**WORK REQUEST:**
Drop every picture, then repeat the records exactly.

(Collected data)
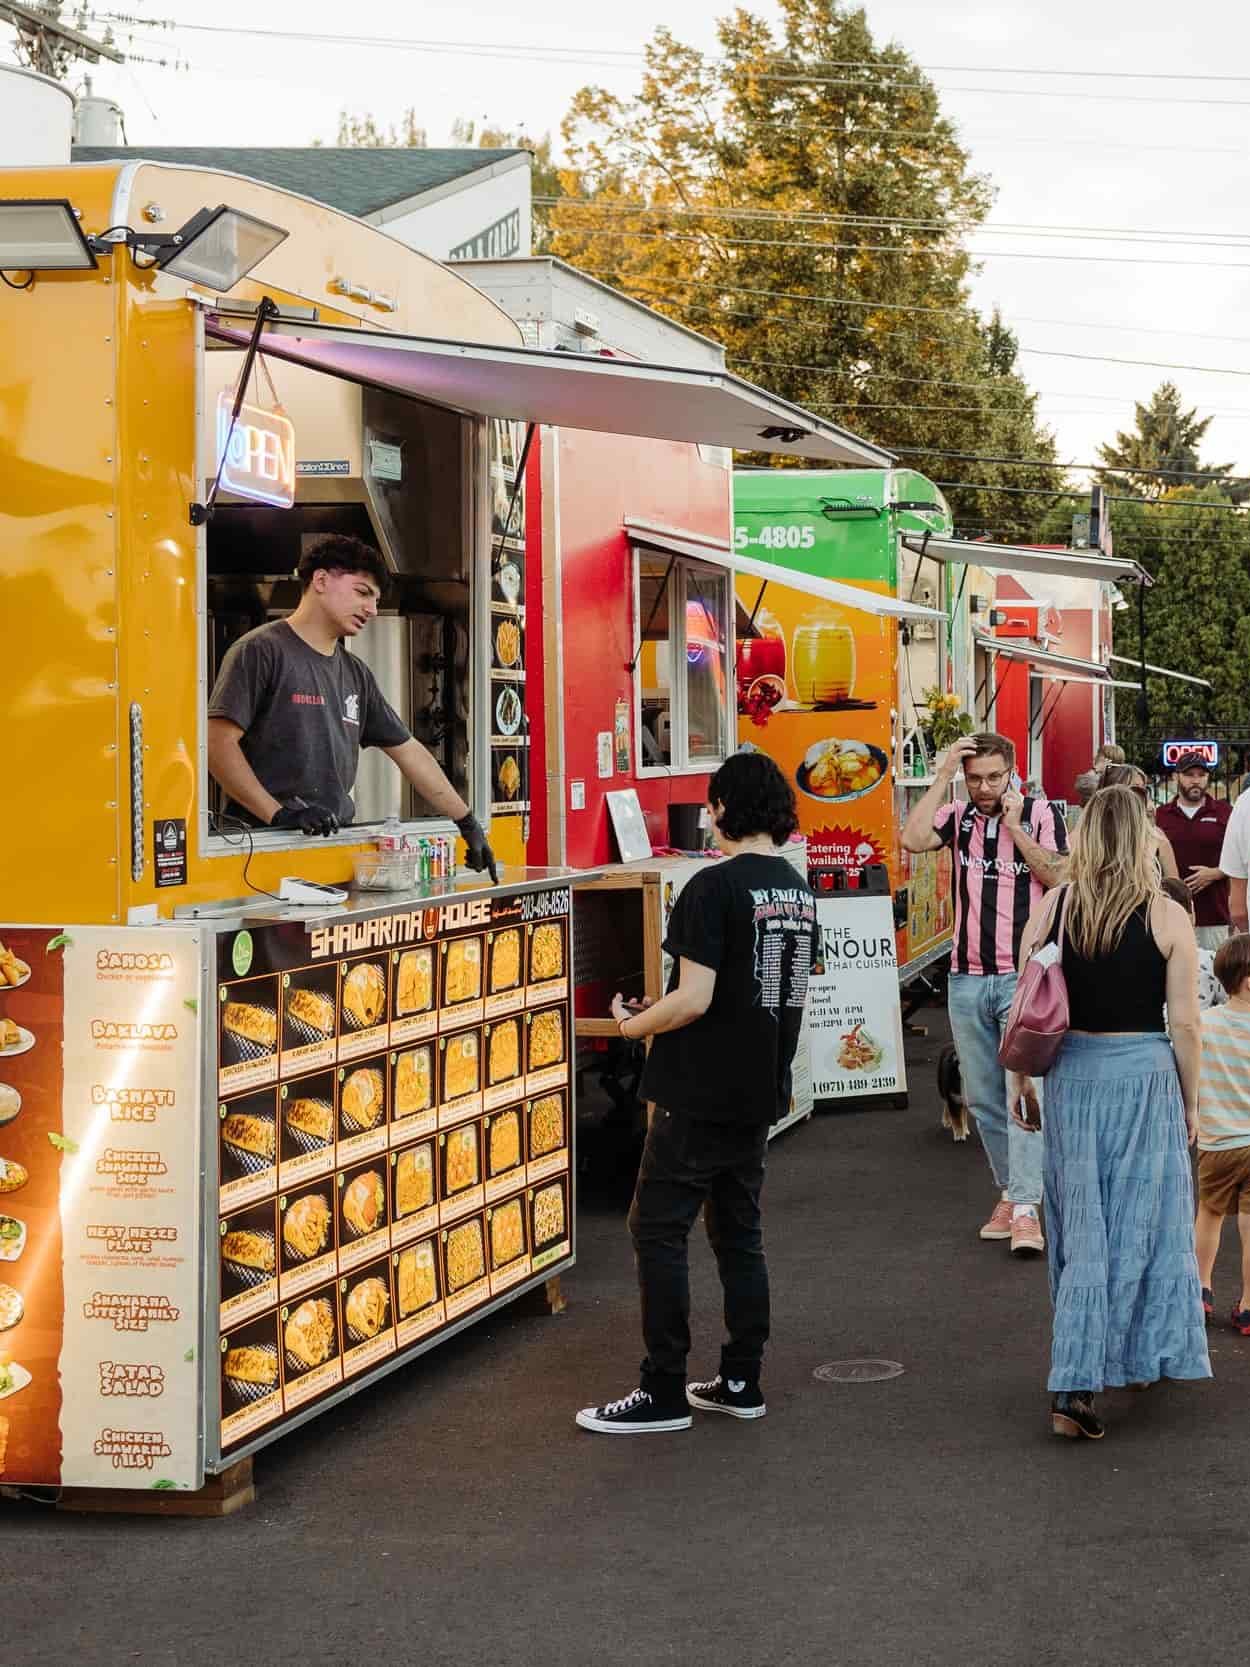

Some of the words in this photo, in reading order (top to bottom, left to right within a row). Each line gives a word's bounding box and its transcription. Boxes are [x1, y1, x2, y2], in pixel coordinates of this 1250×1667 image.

[227, 424, 290, 485] OPEN
[735, 526, 815, 549] 5-4805
[808, 855, 855, 865] Available
[995, 858, 1031, 875] Days
[521, 890, 569, 921] 503-496-8526
[311, 910, 423, 959] SHAWARMA
[438, 898, 492, 931] HOUSE
[824, 928, 851, 939] THE
[825, 938, 893, 960] NOUR
[97, 949, 174, 970] SAMOSA
[827, 960, 852, 970] THAI
[856, 959, 897, 969] CUISINE
[91, 1020, 178, 1040] BAKLAVA
[91, 1084, 176, 1106] BASMATI
[819, 1080, 845, 1094] (971)
[111, 1103, 157, 1121] RICE
[104, 1148, 161, 1162] CHICKEN
[96, 1159, 168, 1175] SHAWARMA
[116, 1172, 148, 1185] SIDE
[86, 1225, 126, 1239] MEAT
[107, 1239, 152, 1253] PLATE
[92, 1291, 170, 1310] SHAWARMA
[114, 1318, 149, 1331] SIZE
[99, 1360, 165, 1382] ZATAR
[100, 1377, 164, 1397] SALAD
[102, 1428, 164, 1444] CHICKEN
[94, 1439, 172, 1457] SHAWARMA
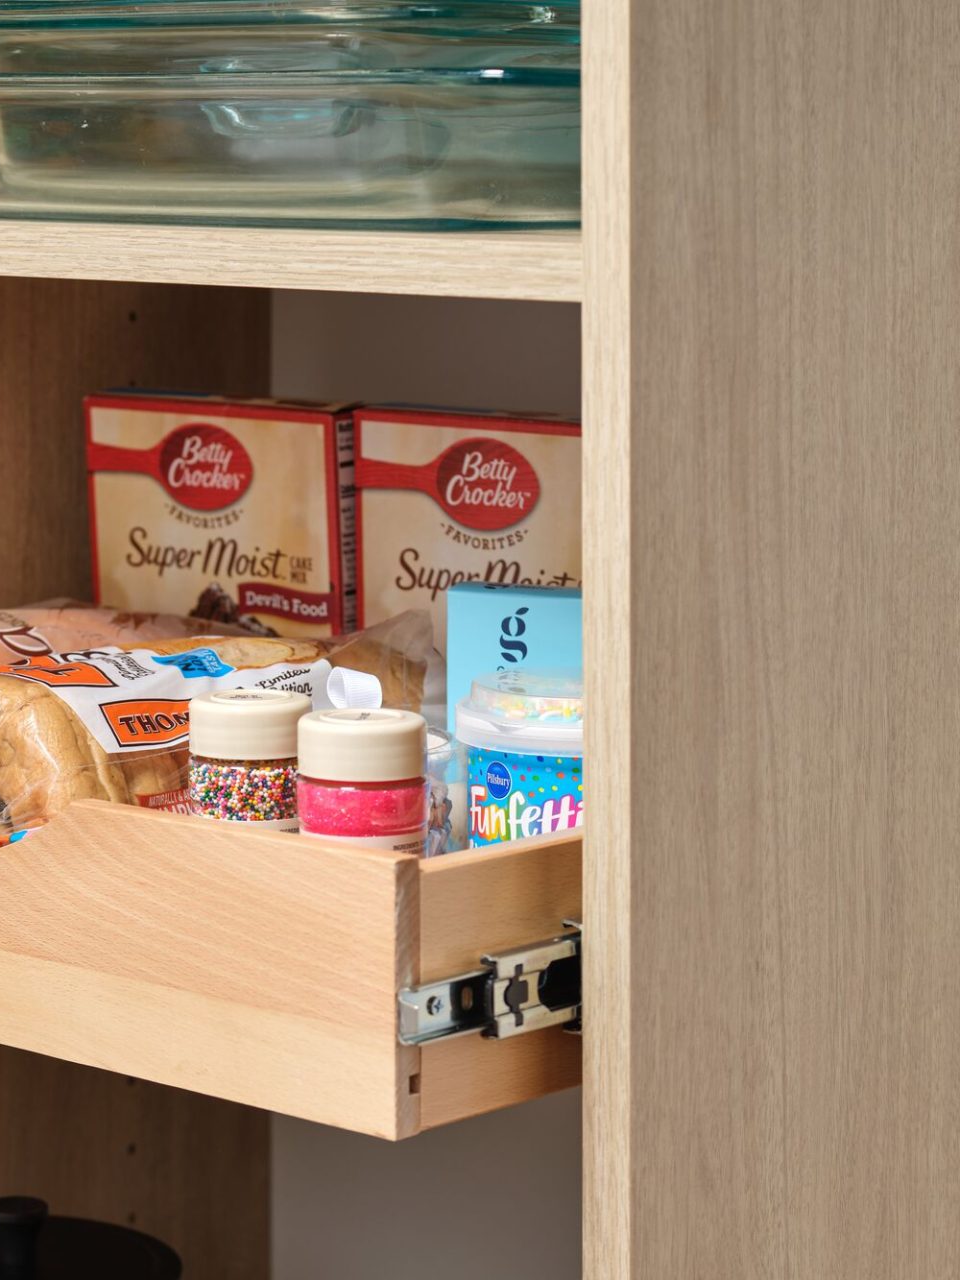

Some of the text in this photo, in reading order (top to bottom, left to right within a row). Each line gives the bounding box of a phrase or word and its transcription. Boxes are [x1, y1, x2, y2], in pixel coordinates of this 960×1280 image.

**REPLY:**
Some of the words in this photo, in reading order (top to bottom, left to right within a row). Each line gives a word's bounding box and its transcription. Boxes are [x1, y1, x2, y2], in pixel coordinates of this 1250×1667 image.

[227, 424, 290, 485] OPEN
[735, 526, 815, 549] 5-4805
[808, 855, 855, 865] Available
[995, 858, 1031, 875] Days
[521, 890, 569, 921] 503-496-8526
[311, 910, 423, 959] SHAWARMA
[438, 898, 492, 931] HOUSE
[824, 928, 851, 939] THE
[825, 938, 893, 960] NOUR
[97, 949, 174, 970] SAMOSA
[827, 960, 852, 970] THAI
[856, 959, 897, 969] CUISINE
[91, 1020, 178, 1040] BAKLAVA
[91, 1084, 176, 1106] BASMATI
[819, 1080, 845, 1094] (971)
[111, 1103, 157, 1121] RICE
[104, 1148, 161, 1162] CHICKEN
[96, 1159, 168, 1175] SHAWARMA
[116, 1172, 148, 1185] SIDE
[86, 1225, 126, 1239] MEAT
[107, 1239, 152, 1253] PLATE
[92, 1291, 170, 1310] SHAWARMA
[114, 1318, 149, 1331] SIZE
[99, 1360, 165, 1382] ZATAR
[100, 1377, 164, 1397] SALAD
[102, 1428, 164, 1444] CHICKEN
[94, 1439, 172, 1457] SHAWARMA

Some of the text in this photo, in reading order (top to bottom, left to right within a row). Each line gives the bounding box of a phrase or word and its transcription. Boxes are [x1, y1, x2, y2], in pixel coordinates of this 960×1280 image.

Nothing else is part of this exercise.